Modulation by homocysteine of the iberiotoxin-sensitive, Ca2+-activated K+ channels of porcine coronary artery smooth muscle cells

We evaluated the acute effect of homocysteine on the iberiotoxin-sensitive, Ca2+-activated K+ (BKCa) channels of the porcine coronary artery smooth muscle cells. NS 1619 (1 to 30 μM) caused a concentration-dependent enhancement of the BKCa amplitude (recorded using the whole-cell, membrane-rupture configuration) only with an elevated [Ca2+]i of ∼ 444 nM, but not with [Ca2+]i of ∼ 100 nM. Homocysteine (30 μM) caused a small inhibition (∼ 16%) of the BKCa amplitude ([Ca2+]i = ∼ 444 nM), and a greater inhibition (∼ 77%) was observed with 100 μM NADH present in the pipette solution.
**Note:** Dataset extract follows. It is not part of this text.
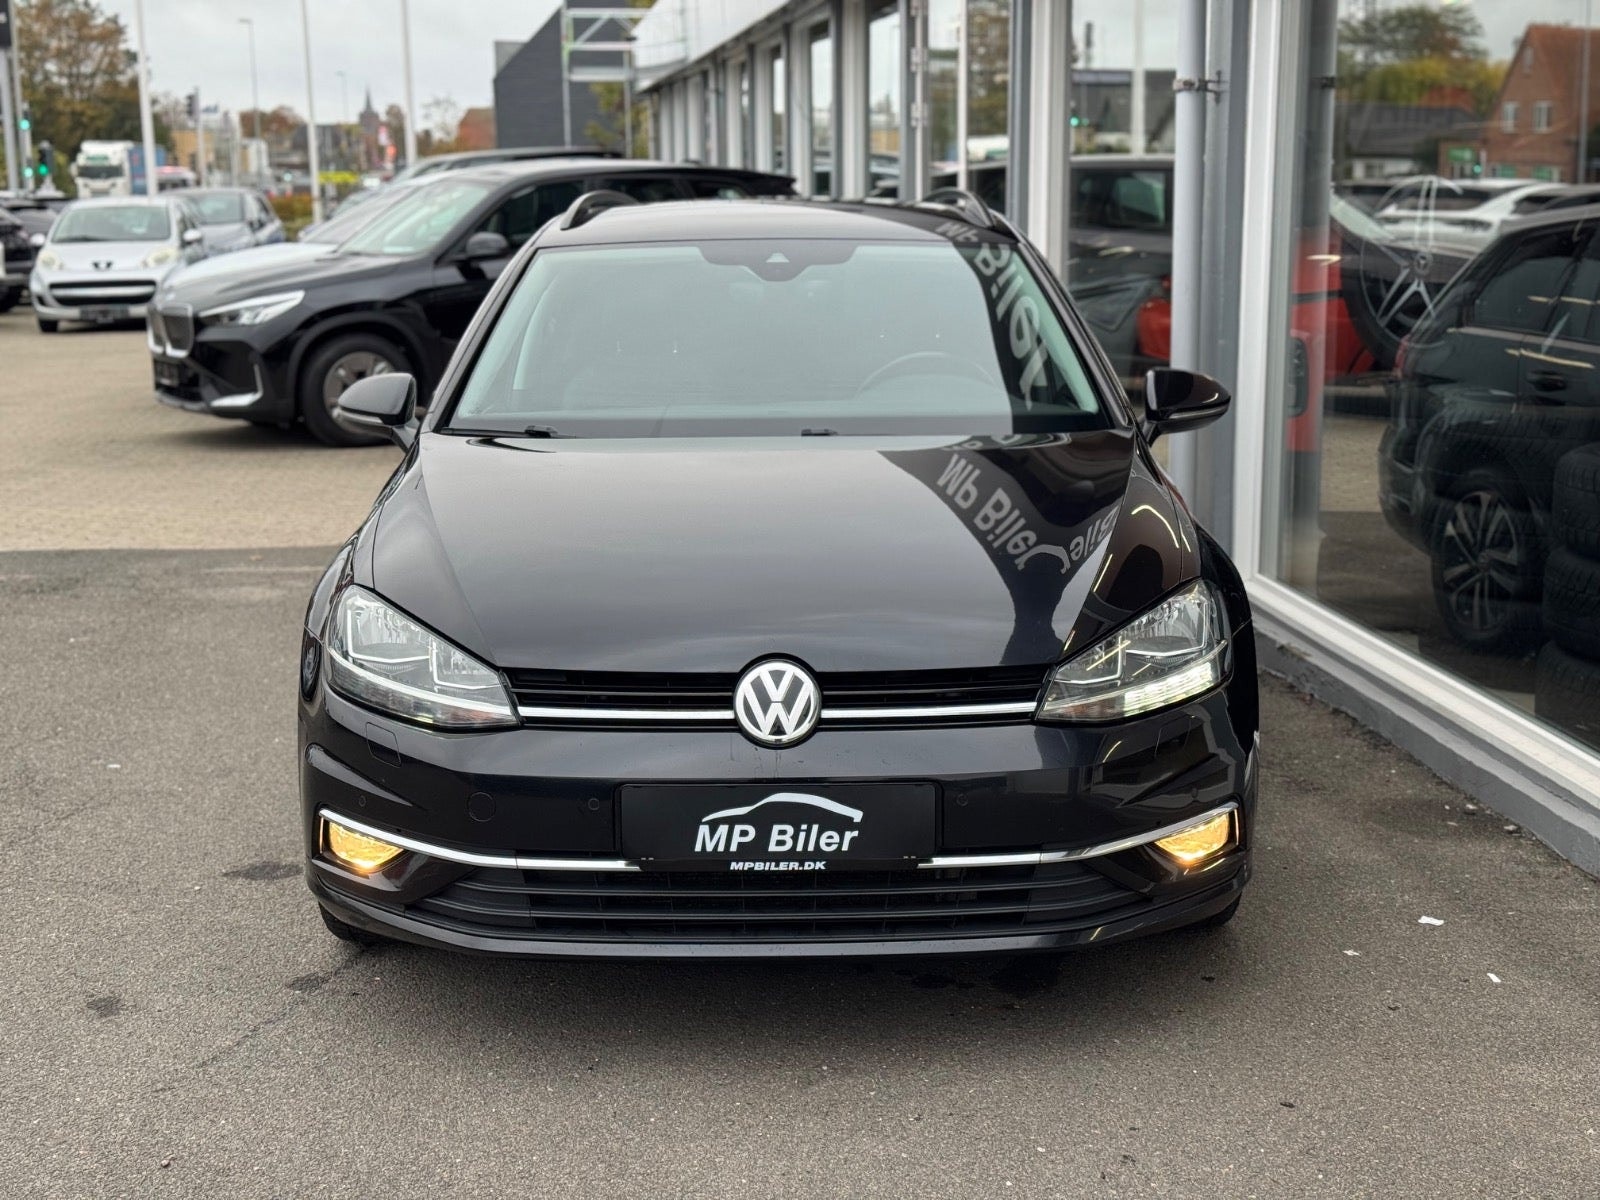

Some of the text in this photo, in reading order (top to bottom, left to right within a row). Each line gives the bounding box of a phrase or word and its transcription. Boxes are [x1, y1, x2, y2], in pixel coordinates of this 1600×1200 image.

The inhibition persisted after washing. With NADPH (100 μM), a smaller magnitude of inhibition (∼ 34%) of the BKCa amplitude was recorded. The NS 1619-mediated enhancement of the BKCa amplitude (with elevated [Ca2+]i plus NADH in the pipette) was attenuated by homocysteine. The homocysteine-mediated inhibition of the BKCa amplitude was suppressed by Tiron (10 mM) or diphenylene iodonium (30 nM), applied alone, but not by superoxide dismutase (500 U/ml) and catalase (500 U/ml). Generation of superoxide (O2−) of the smooth muscle cells (with NADH presence), measured using the lucigenin-enhanced chemiluminescence, was markedly increased by angiotensin II (100 nM) and homocysteine (30 μM). The chemiluminescence signal was sensitive to apocynin (300 μM) or Tiron, applied alone, but not to superoxide dismutase and catalase. In conclusion, our results demonstrate that acute homocysteine application inhibits the iberiotoxin-sensitive BKCa channels (with elevated [Ca2+]i and NADH present) which is probably caused by the NADH oxidase activation and the concomitant generation of intracellular superoxide.